Directed by William Shatner

Story by William shatner & Harve Bennett & David Loughery, screenplay by David Loughery.

 

  1. Nimbus III - apparently this is where the Futurama writers got the name for Zapp Brannigan's flagship.
  2. I have no beef with Laurence Luckinbill's performance as Sybok. I just can't personally buy the whole "Sybok as Spock's long-lost half-brother" idea.  It just doesn't work for me in terms of my idea of Spock as a character.  Even if they'd made him Spock's uncle or something, I think I could buy into it better. YMMV, of course.
  3. Sybok's littlle buddy is called J'onn,  apparently. A Martian Manhunter fan in there, somewhere?
  4. The score by Jerry Goldsmith was OK.
  5. The camping scenes with Kirk, Spock and McCoy were fun. One did get a sense of three guys that have known one another for a long time.
  6. I also liked the characters of St. John Talbot (David Warner), General Korrd (Charles Cooper) and Caitlin Dar (Cynthia Gouw). I wouldn't have minded a story of the three of them having an exploit together.  I'd love to know how a Romulan got an Irish name!
  7. Hmm, fanatics following a charismatic leader come riding out of the desert to attack an outpost of "civilization". That story sounds familiar.
  8. There's a hint of a possible relationship between Scotty and Uhura here, which I don't recall them doing much with afterwards.
  9. "Bourbon and beans, an explosive combination."
  10. "I've always known I'll die alone."  Way to bring everyone down, Captain Morbid!
  11. "I am preparing to toast a marshmelon."  I suspect Spock of trying to be funny, here. And McCoy doesn't get it that he's joking.
  12. "Were we having a good time?"  Now I"m sure he's being funny.
  13. I liked Klaa and Vixis - a fun Klingon "power couple".
  14. I think they overdo the whole "the ship is in lousy shape" bit.  I'd expect someone to be cashiered for the ship being in such poor condition.
  15. And once again, they're the only ship available to go.
  16. As for Uhura's fan dance - not a choice I'd have made for that character, were I writing this.
  17. "Hold your horse, Captain."  And then he neck pinches a horse!
  18. "The great barrier at the center of the galaxy."  I thought the barrier was at the edge of the galaxy.
  19. Scotty knocking himself out is kind of lame. Also, Sybok takes over the ship too easily.
  20. "Sha Ka Ree - the source".  He wants to breach the Sourcewall!
  21. "Don't just stand there, God's a busy man."  Surely God has all the time in the world?
  22. I also don't like that they let the Klingons sneak up on them.
  23. "What does God need with a starship?"
  24. So, we end up with yet another false/incomplete/failed (strike where applicable) god character.
  25. "Damn you, sir. You will try."  Spock's got the hang of bad language, now. 
  26. "Please, Captain, not in front of the Klingons."
  27. Apparently, a "Melody Shatner" played a yeoman in this. A Shatnerdaughter, I assume.
  28. And Harve Bennett played a Starfleet rep.  Always nice when you can put yourself in your pictures.

 

Overall:  I was surprised by this picture. I had remembered it as being the worst one they did. Well, I think I still feel that way, but it had alot of good moments. I think that with a little re-writing and some judicious editing, this could've been quite good.

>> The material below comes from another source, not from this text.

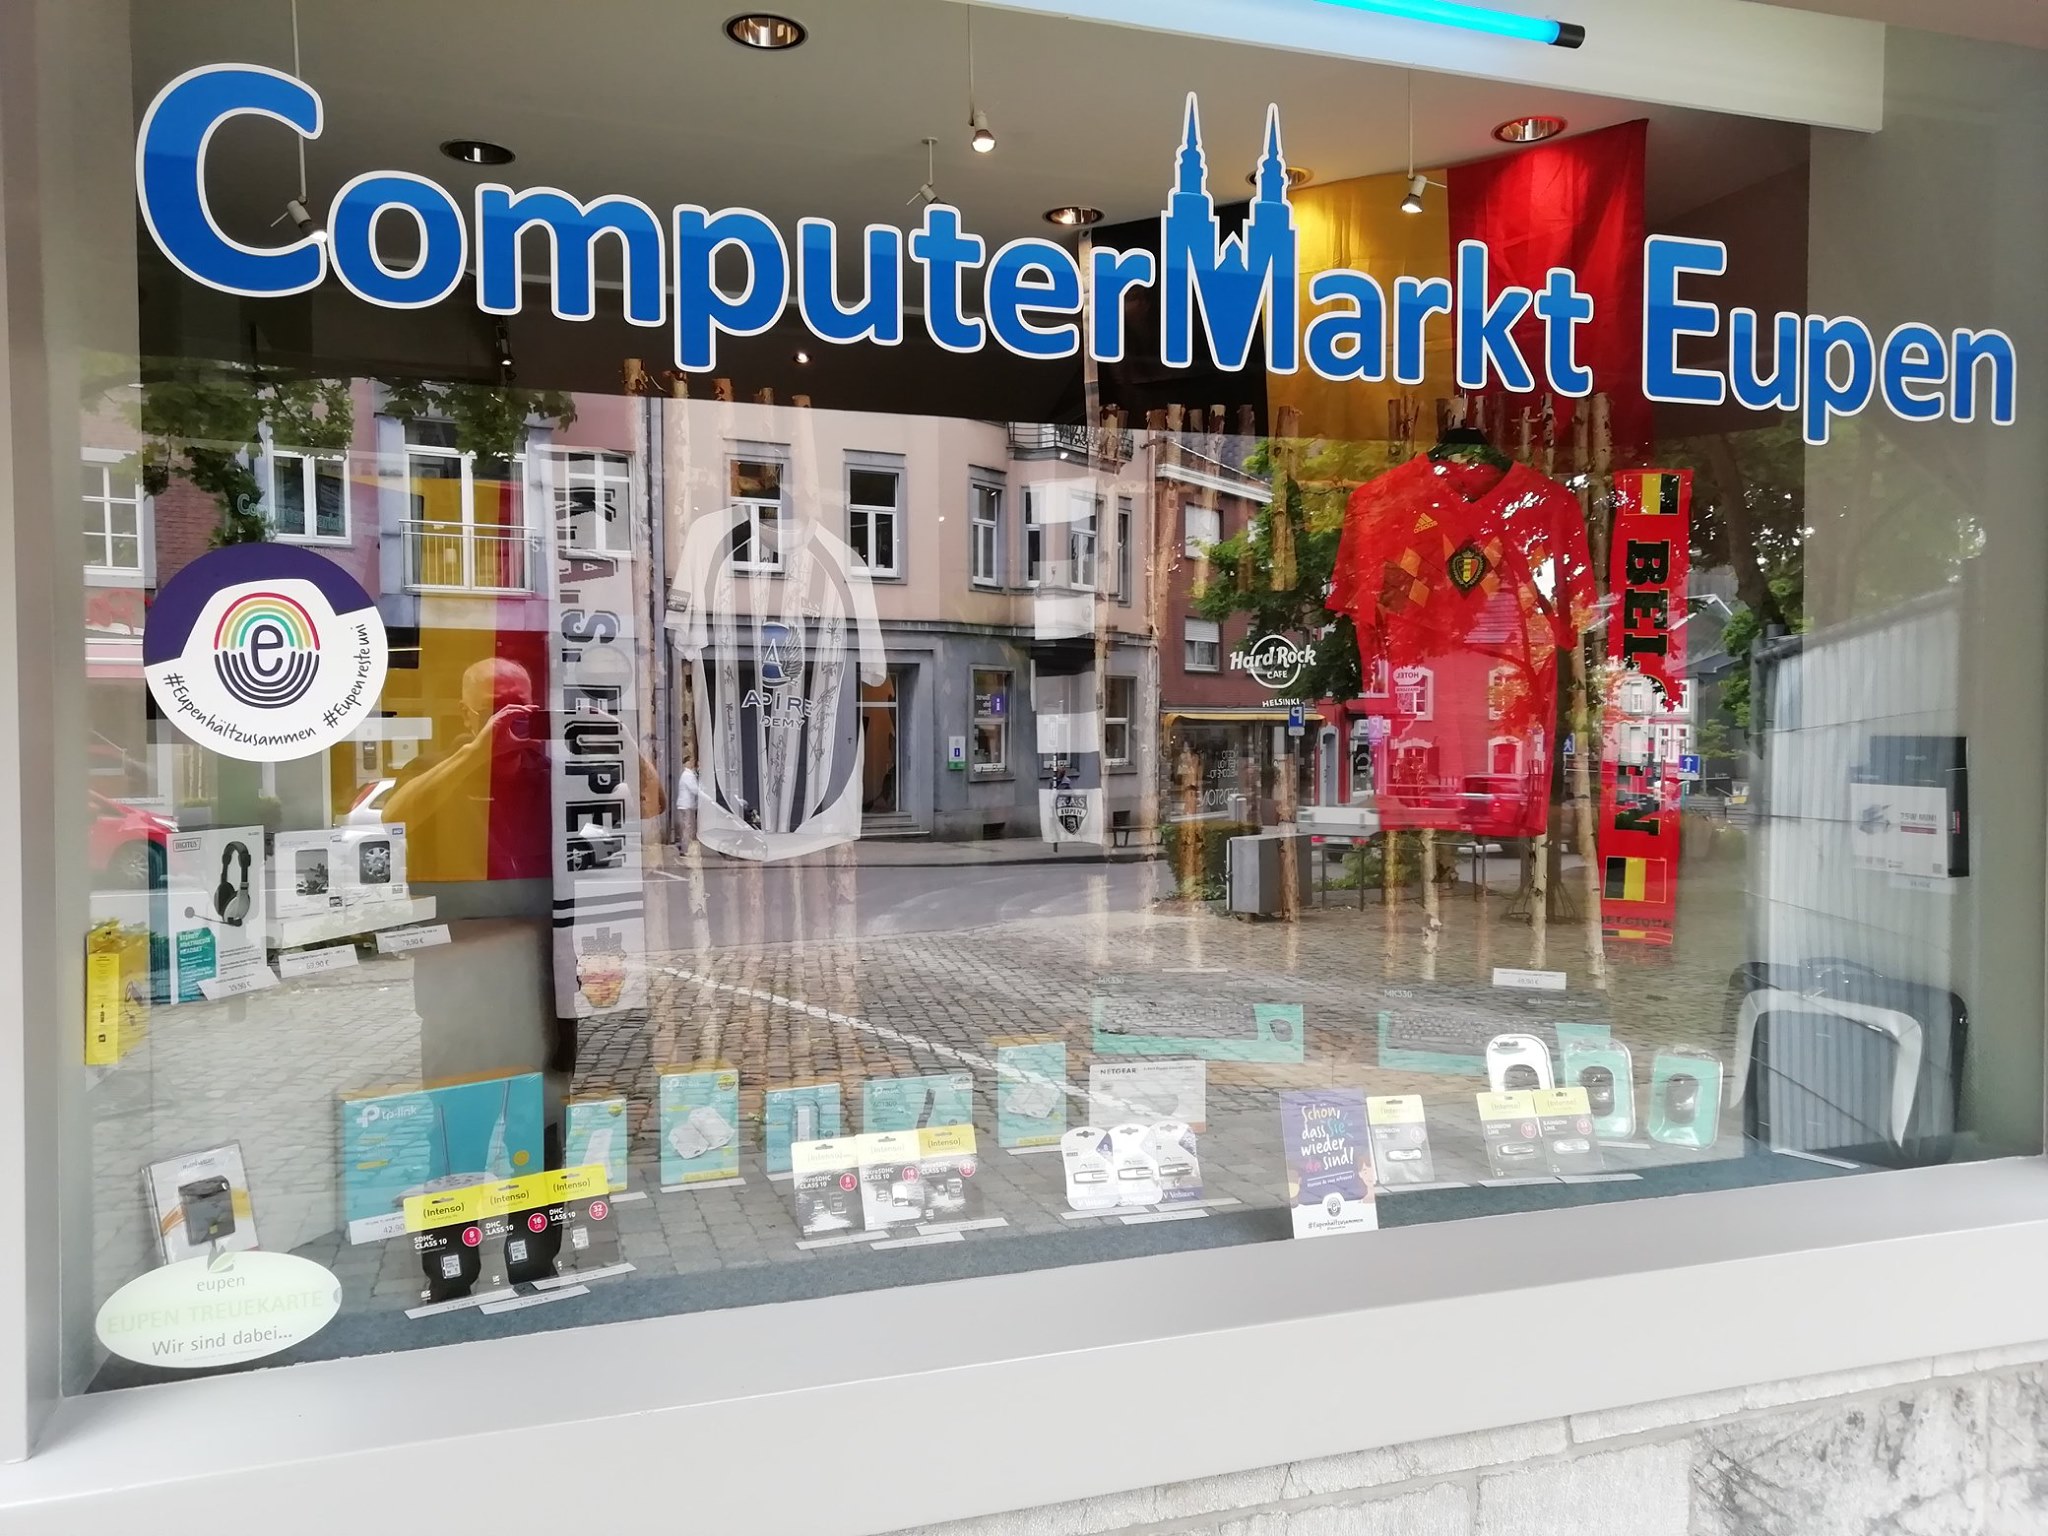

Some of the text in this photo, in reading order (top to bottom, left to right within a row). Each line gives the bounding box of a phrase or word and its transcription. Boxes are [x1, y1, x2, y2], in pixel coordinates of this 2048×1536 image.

I few good moments but beyond that I didn't like it either.

It didn't have the ending that Shatner wanted.

And they made Spock an only child in the TV series to prevent writers from using Spock-siblings as story ideas.

This was the fruit of the deal Leonard Nimoy made to revive the Spock character after he was killed off in Star Trek II: The Wrath of Khan. To wit: He agreed to come back in the third movie if he could direct an installment in the series, which he did, Star Trek IV: The Voyage Home. Well, William Shatner couldn't abide Nimoy getting to direct a movie if he didn't get to direct a movie, so Shatner got his turn, with Star Trek V: The Final Frontier.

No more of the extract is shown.